In line with our obsession for everything that is foreign, it seems we prefer to have even our medicines made in distant shores. Latest industry figures reveal that the ten top foreign pharma firms present in the Indian market account for nearly 25.4% of the over all Rs 47,690 crore domestic pharmaceutical market. Now that may not in itself be a particularly impressive figure worth crowing about, but considering the fact that just five years back the figure stood at 15%, it certainly does paint us a picture of what to expect in the days ahead.

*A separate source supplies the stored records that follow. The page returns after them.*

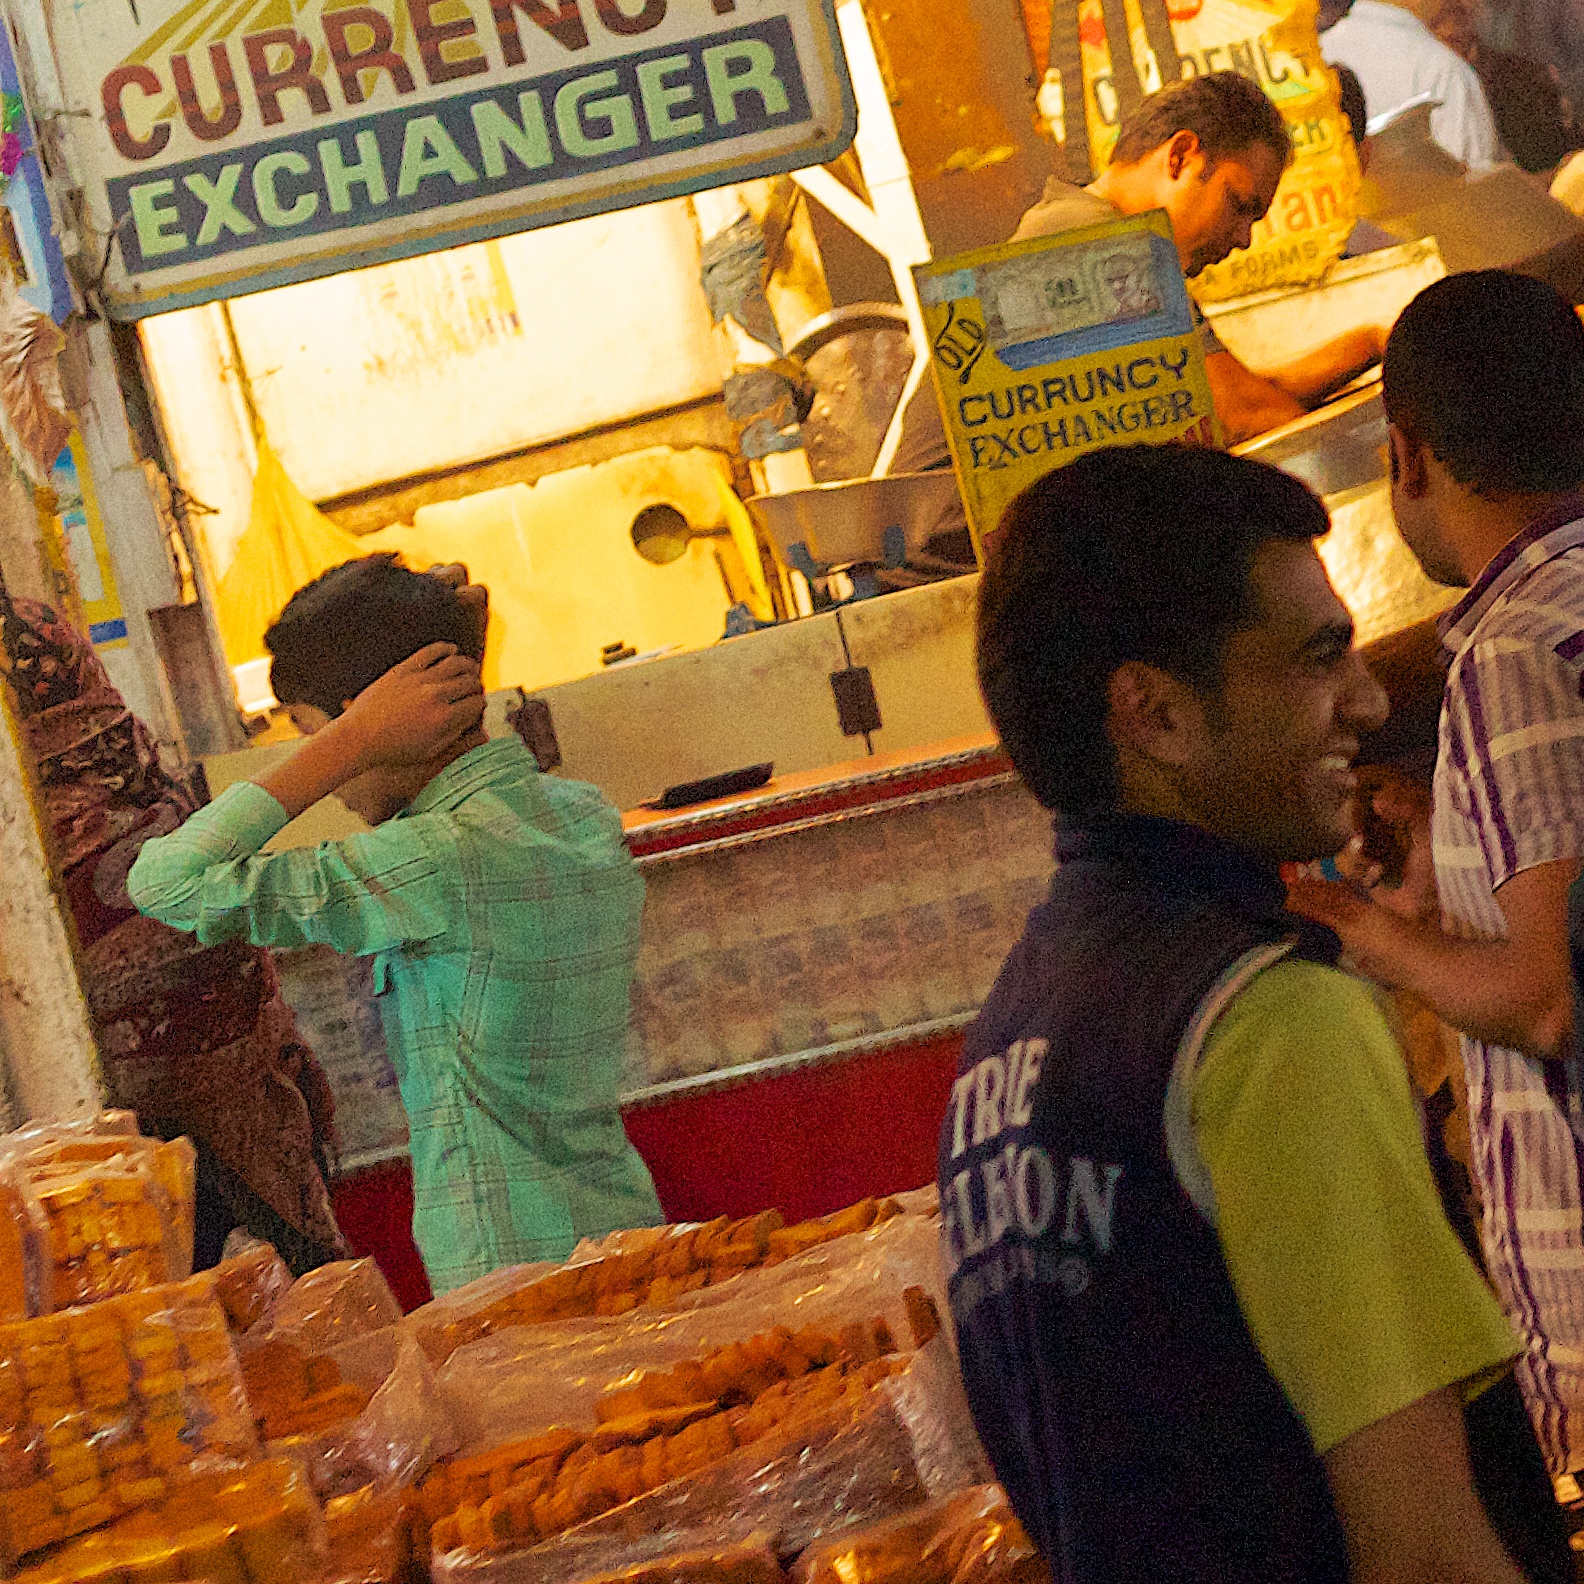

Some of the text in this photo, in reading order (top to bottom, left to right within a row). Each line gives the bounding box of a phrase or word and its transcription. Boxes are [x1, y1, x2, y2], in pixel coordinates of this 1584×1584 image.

[128, 37, 792, 258] EXCHANGER
[957, 348, 1190, 428] CURRUNCY
[967, 388, 1197, 471] EXCHANGER
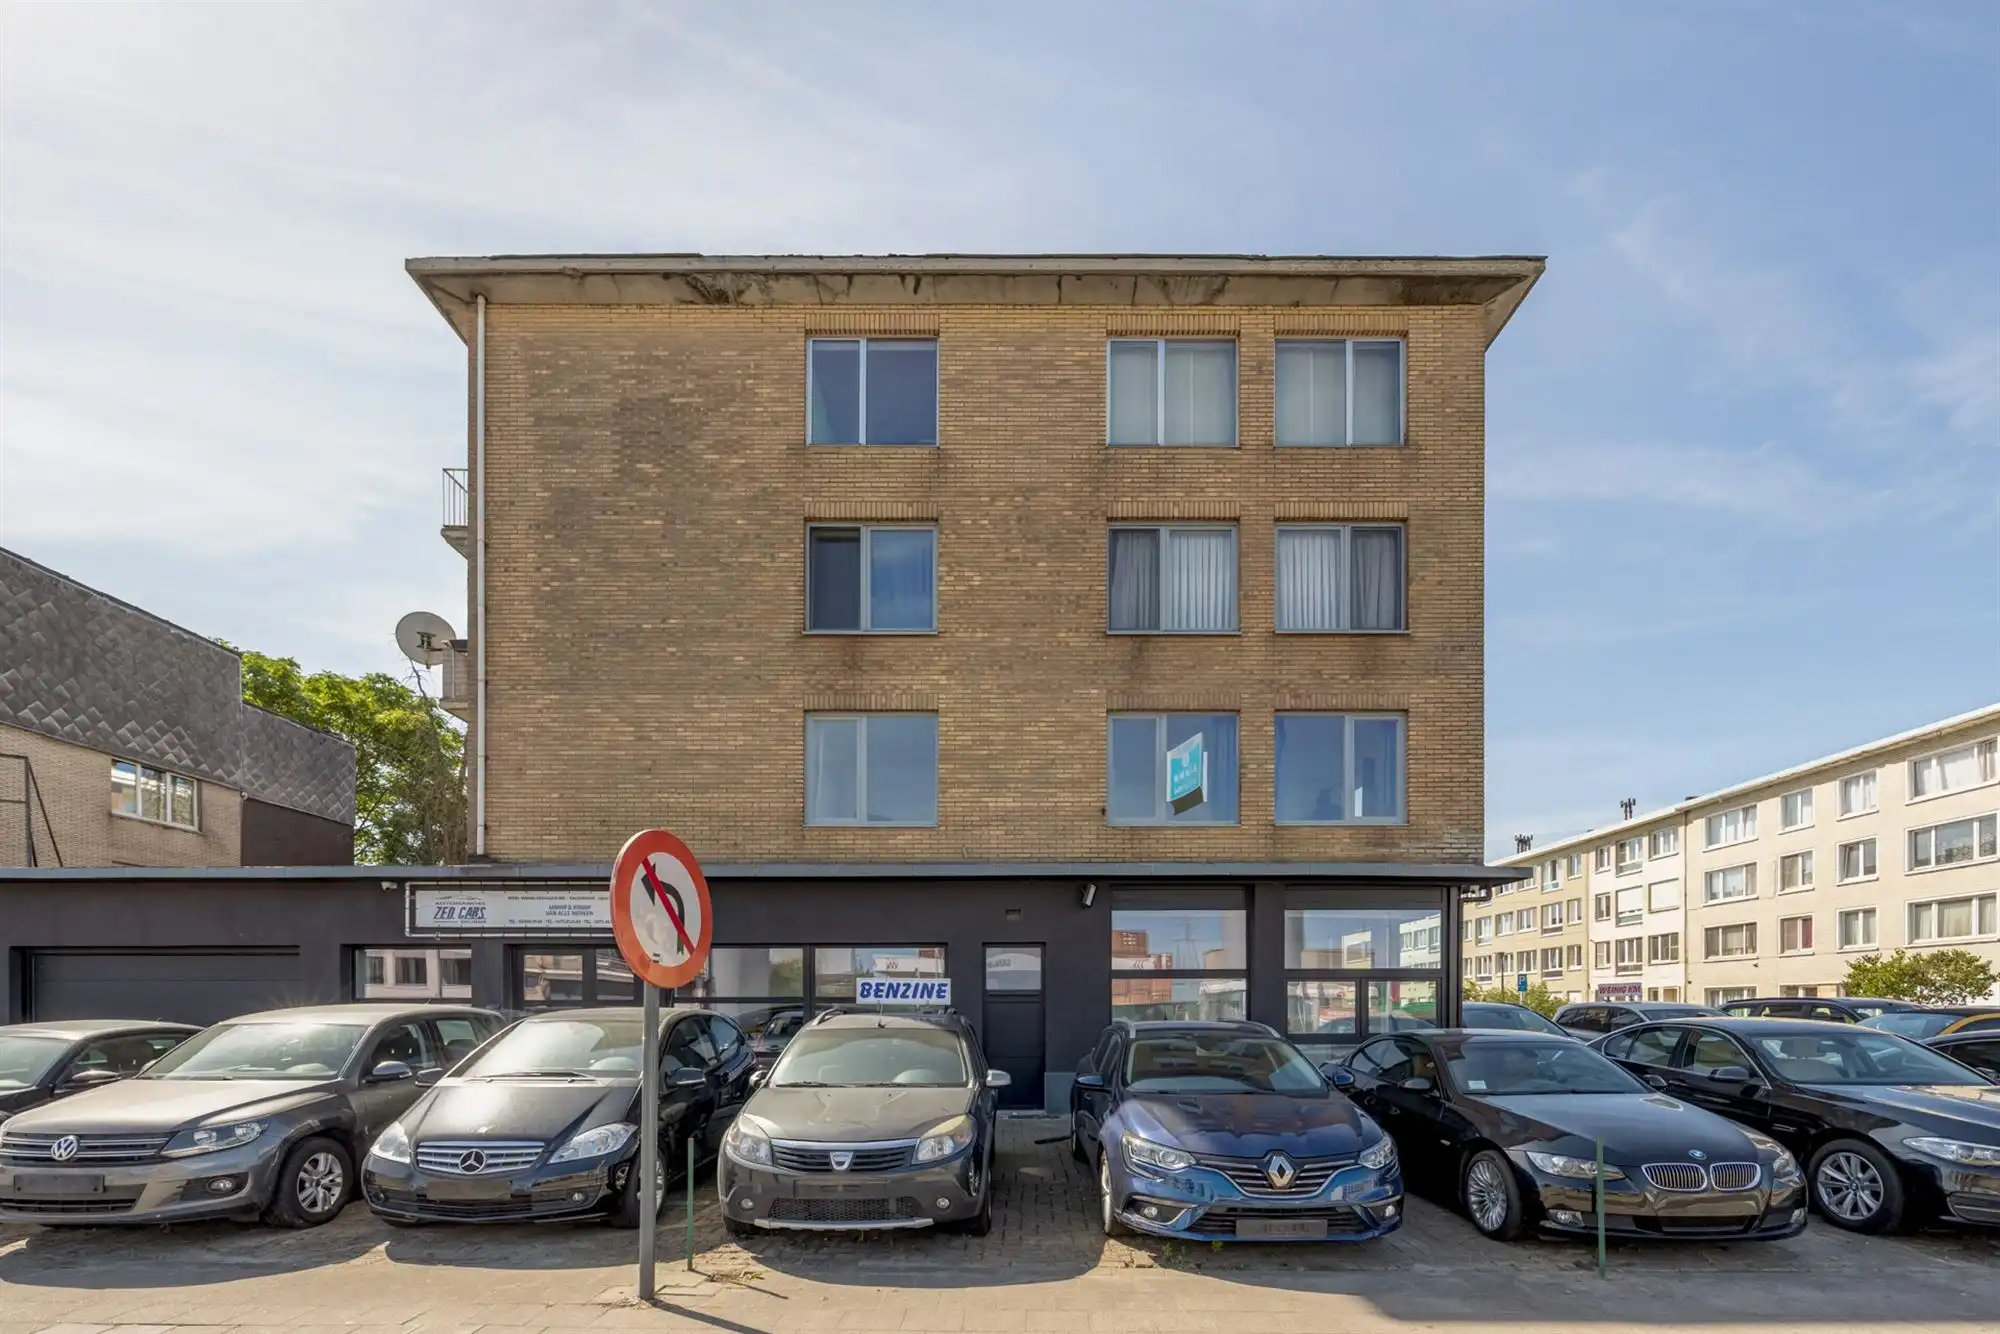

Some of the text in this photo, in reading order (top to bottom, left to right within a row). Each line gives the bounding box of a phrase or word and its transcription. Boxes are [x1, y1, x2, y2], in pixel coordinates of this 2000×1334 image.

[457, 906, 487, 920] CARS
[860, 982, 948, 999] BENZINE
[1599, 985, 1627, 994] WEINIG

So what does the future have in store for our homegrown firms? Well, it would appear that unless they get their act together in a hurry, the fabulous success they have enjoyed on the back of mass-marketing of generic versions of drugs originating in the West could soon be coming to an end. The high growth witnessed by leading members of the domestic industry owes a large measure of gratitude to govt regulations that had
legalized copying of original drugs invented by big pharma abroad , thereby opening the door for firms like Ranbaxy and Dr Reddy’s to develop cheaper versions of patented drugs. In place since 1971, this copy-from-the-rich-to-give-to-the-poor regime finally had to be replaced in the wake of India becoming a member of the WTO, and subsequently being forced to comply with its norms. In its place, India decided to enforce a product patent regime, which banned copying and selling of patented drugs launched after 1995. Obviously, that could not be good news for local firms that haven’t quite invested in the kind of research that could yield breakthroughs allowing them to come up with patents of their own. Already, foreign pharma firms have been growing at well above the average industry growth rate of 16.5% per annum-Abbott grew 25.8 per cent in 2010, Sanofi-Aventis grew 20.4 per cent, while Pfizer, Merck & Co and Novartis grew 20.7 per cent, 20 per cent and 17.7 per cent, respectively. However, in the spirit of optimism, one could see this as an opportunity for our own local companies to actually dedicate adequate resources on coming out with innovative products of their own which won’t require them to rely on copying patents from abroad, allowing them to get rid of the foreign yoke once and for all-after all, you can only go so far on the back of copying from the guy next door, no matter how well it served you in getting through your high-school exams.
At the same time, customers across the country can expect to get access to the latest high quality medicines without having to wait for Indian firms to come out with their own versions of the same drugs, thereby resulting in a more or less win-win scenario for most stakeholders.
With a recent McKinsey report predicting the Indian pharmaceutical market to grow to $55 billion by 2020 from $12.6 billion in 2009, the coming decade holds out the promise of some good times indeed for the numerous foreign pharma firms already present in the country. The recent string of acquisitions of local firms has already paved the way for foreign pharma majors to dominate the field in the coming years and it should be interesting to wait and watch just how our domestic firms gear up to guard their own turf.